There is no Dictionary as a data structure per se. A Dictionary might be implemented with a trie based on certain keys data-type FWIW.
The topic should have been hash vs trie.
cheers, </wqw>
I've been on hiring loops where I've said the candidate has a tendency for over-engineering because they wouldn't just use a simple hash table like they should. And I've also been on other ones where someone said "and they just said hashtable without even asking about the data distribution!"
Our industry is super inconsistent and everyone thinks THEIR specific level of knowledge of computer science fundamentals and software engineering best practices is the perfectly pragmatic one - just deep enough - but not too much.
I think the answer is follow up questions. Yous tart with "What data structure would you use here?"
If they say "hash table", you follow-up with "What are the situations where that may be a poor decision" and see if they understand the theoretical limitations
If they say "trie", you follow up with "What are the trade-offs of doing that in a production environment vs a simpler structure"?
Dak, Getting an answer like that means that the candidate in question may have theoretical knowledge, but has never actually applied that in real world situation. It like means that he never got to write enough code to actually have to deal with something a dictionary, and considering how ubiquitous they are...
The answer on when you shouldn't analyse the default is pretty much always, until you have an actual problem. YAGNI isn't just for writing more code, you know.
wqw, Dictionary (in .NET, at least) is understood to be hash based. We actually used the term hashmap in the phone interview, if that helps
Well, it's generally considered trie is O(log(n)) whereas hashmap O(1). Even outside of library availability trie doesn't quite meet the requirements.
However!
Oren your approach is flawed (lacking other red flags you might have glossed over). You're selecting people attuned in to your views.
Downside is: missing original thinkers, such as people who in C# code might employ memory mapping instead of tried and tested IO classes. That's where I agree with Nik P. Make them speak, probe with 'why's and 'when's.

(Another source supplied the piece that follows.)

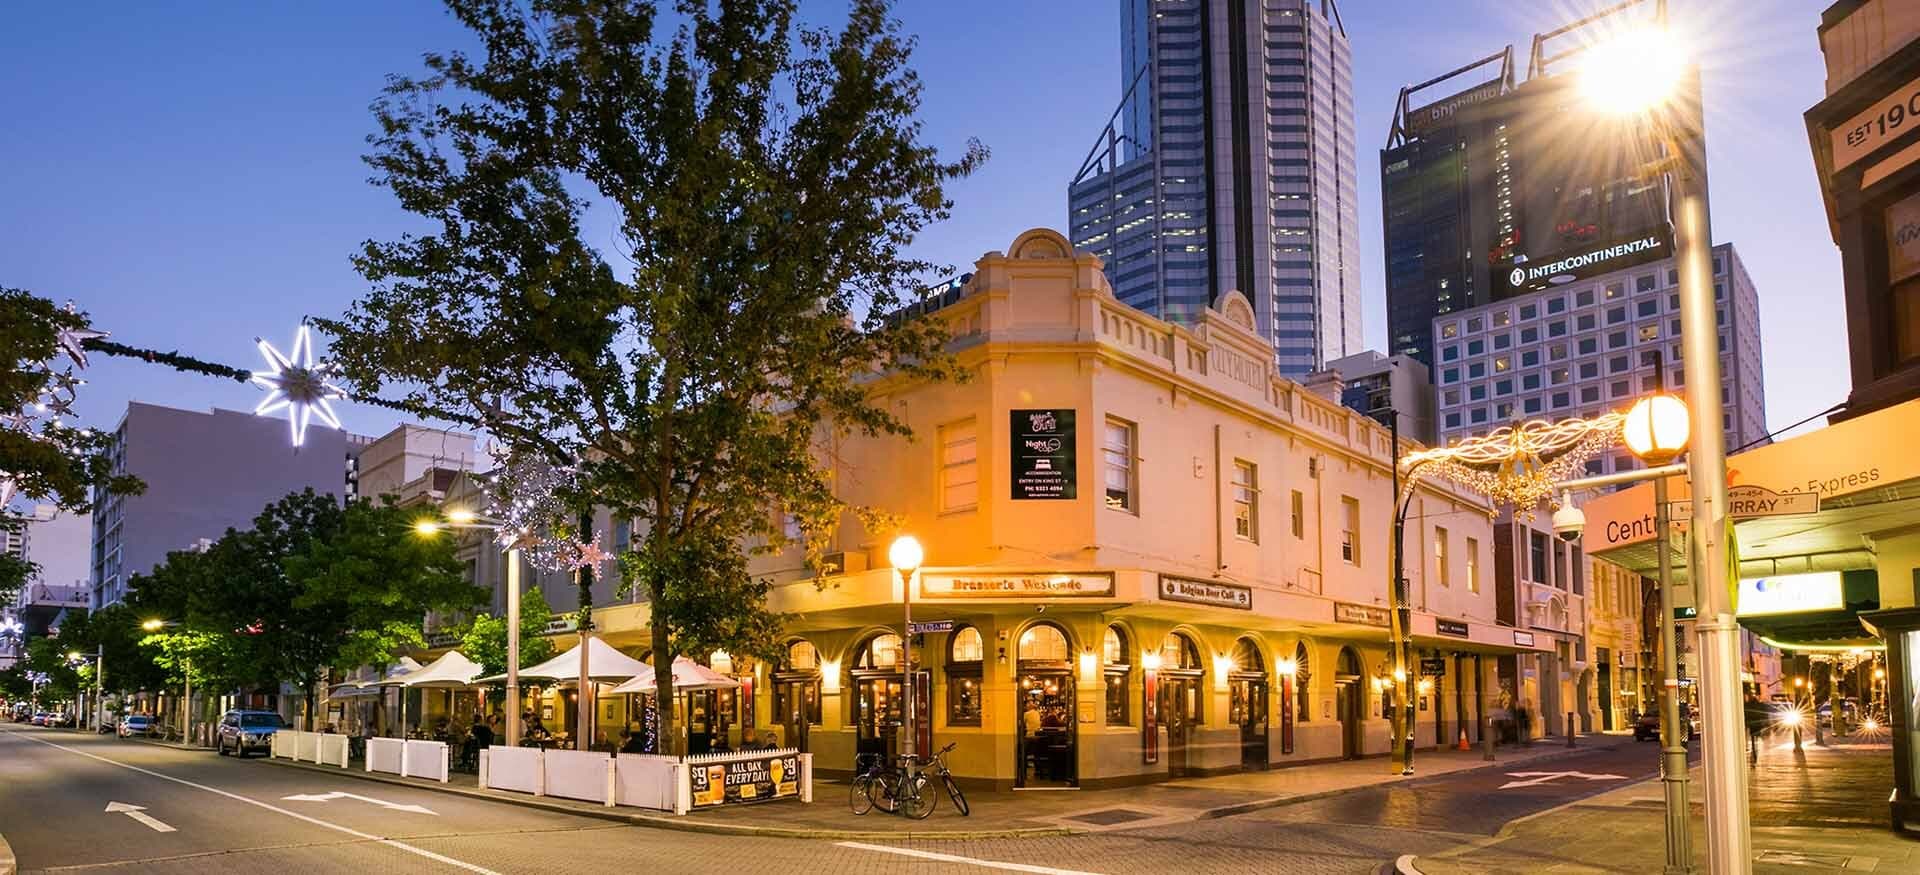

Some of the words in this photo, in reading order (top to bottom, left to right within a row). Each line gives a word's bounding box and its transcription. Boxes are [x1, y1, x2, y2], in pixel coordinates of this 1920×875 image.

Oleg, Not selecting hash table because no proper analysis was done on the field is an issue. Because unless you run into this rare scenario where you have collisions, that shouldn't be something you care about. And if you did run into it, I would expect you to talk about it. I probed into that, actually, and the issue was purely theoretical from the candidate perspective.
In the same sense that if I hire a driver, I expect him to be able to get the car from A to B to C without having to solve the traveling salesman for all possible itineraries.
At some point, this screams too loudly: "Never actually used this".
@Neia Actually no, hash-tables UNLESS you implement some very esoteric data structures are probably the worst data structure cache performance wise.